• WORK TO BE COMPLETED
Go through the records and transcribe them exactly, passing over any picture.

• EXTRACTED RECORDS

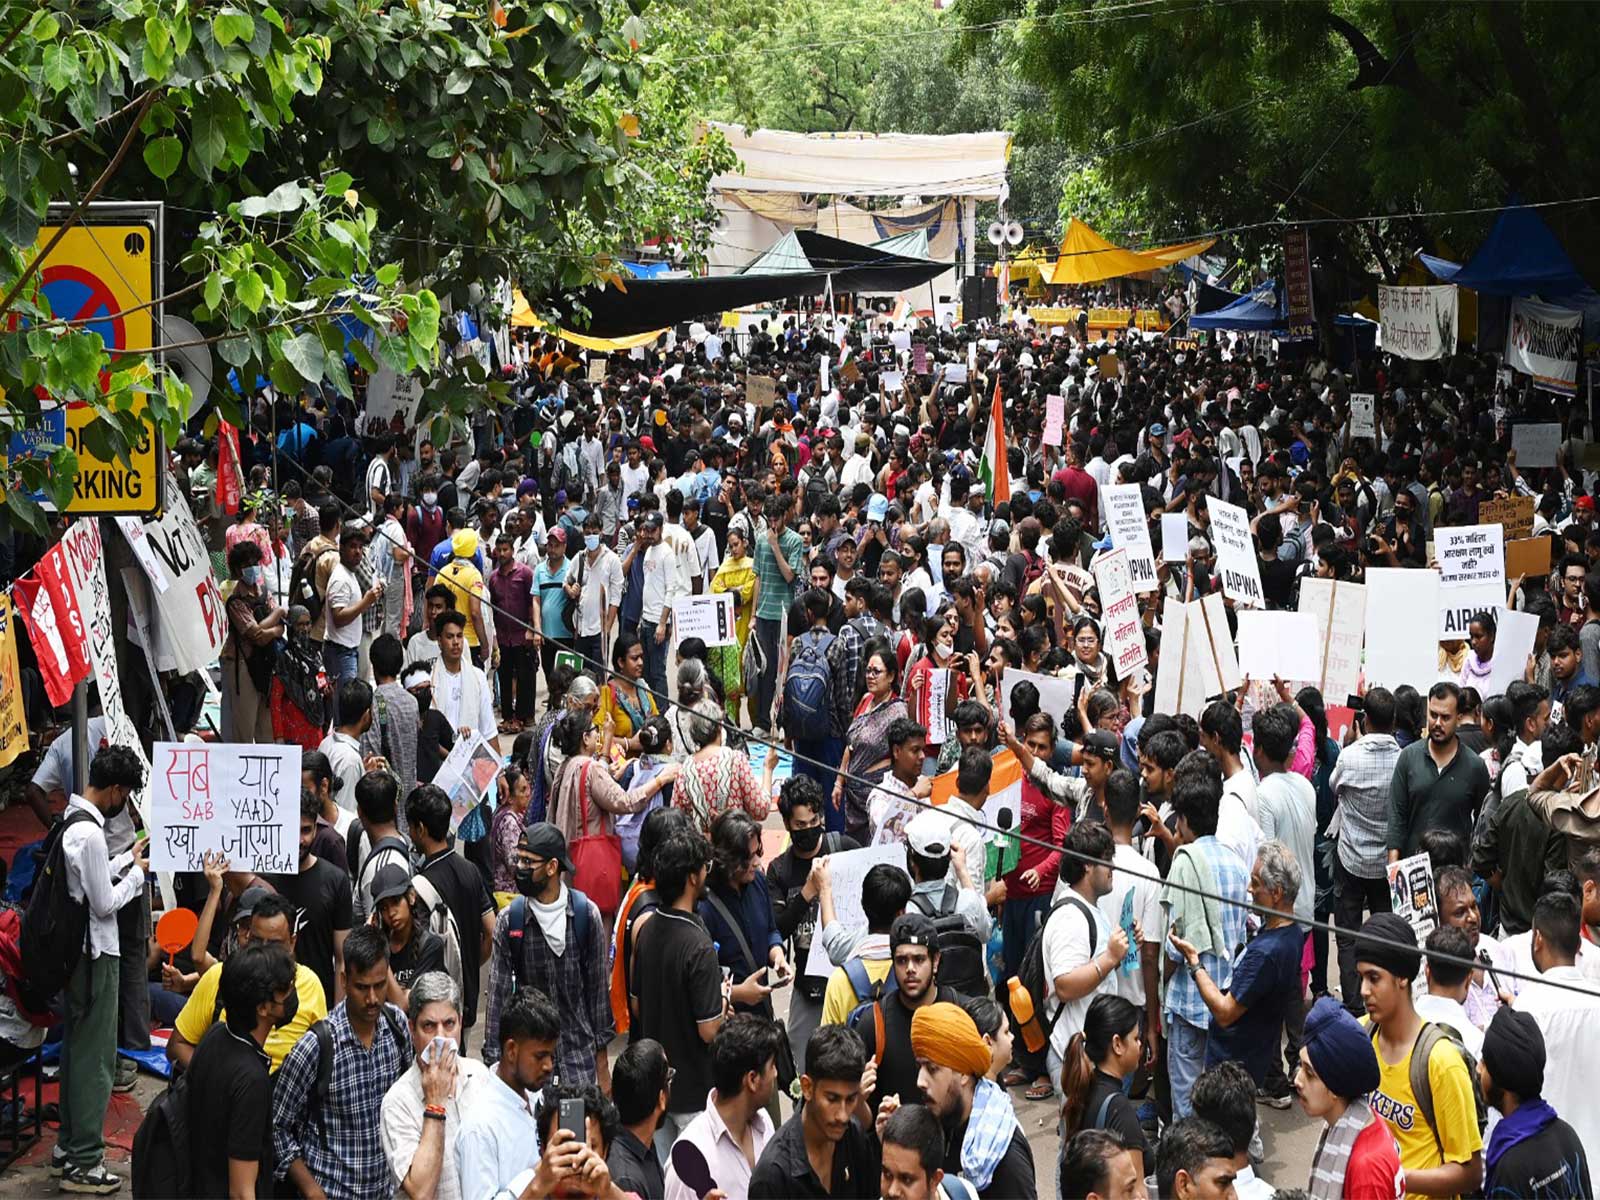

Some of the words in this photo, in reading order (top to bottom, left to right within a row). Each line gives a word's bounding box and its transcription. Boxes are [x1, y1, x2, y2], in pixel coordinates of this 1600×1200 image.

[1290, 325, 1313, 336] KYS
[74, 470, 142, 499] RKING
[1449, 536, 1464, 546] 33%
[1465, 531, 1487, 543] महिला
[1468, 546, 1483, 559] लागू
[1067, 571, 1088, 589] ONLY
[1129, 557, 1154, 581] IPWA
[1226, 569, 1260, 599] AIPWA
[52, 551, 91, 665] PDSU
[1107, 591, 1135, 619] जनवादी
[1114, 621, 1137, 642] महिला
[1118, 642, 1142, 668] समिति
[166, 749, 210, 800] सब
[238, 755, 283, 806] याद
[182, 800, 214, 821] SAB
[230, 797, 274, 823] YAAD
[164, 825, 200, 858] रखा
[221, 824, 283, 859] जाएगा
[250, 853, 293, 872] JAEGA

• ANSWER SECTION
Some of the words in this photo, in reading order (top to bottom, left to right within a row). Each line gives a word's bounding box and its transcription. Boxes are [x1, y1, x2, y2], in pixel coordinates of this 1600×1200 image.

[1290, 325, 1313, 336] KYS
[74, 470, 142, 499] RKING
[1449, 536, 1464, 546] 33%
[1465, 531, 1487, 543] महिला
[1468, 546, 1483, 559] लागू
[1067, 571, 1088, 589] ONLY
[1129, 557, 1154, 581] IPWA
[1226, 569, 1260, 599] AIPWA
[52, 551, 91, 665] PDSU
[1107, 591, 1135, 619] जनवादी
[1114, 621, 1137, 642] महिला
[1118, 642, 1142, 668] समिति
[166, 749, 210, 800] सब
[238, 755, 283, 806] याद
[182, 800, 214, 821] SAB
[230, 797, 274, 823] YAAD
[164, 825, 200, 858] रखा
[221, 824, 283, 859] जाएगा
[250, 853, 293, 872] JAEGA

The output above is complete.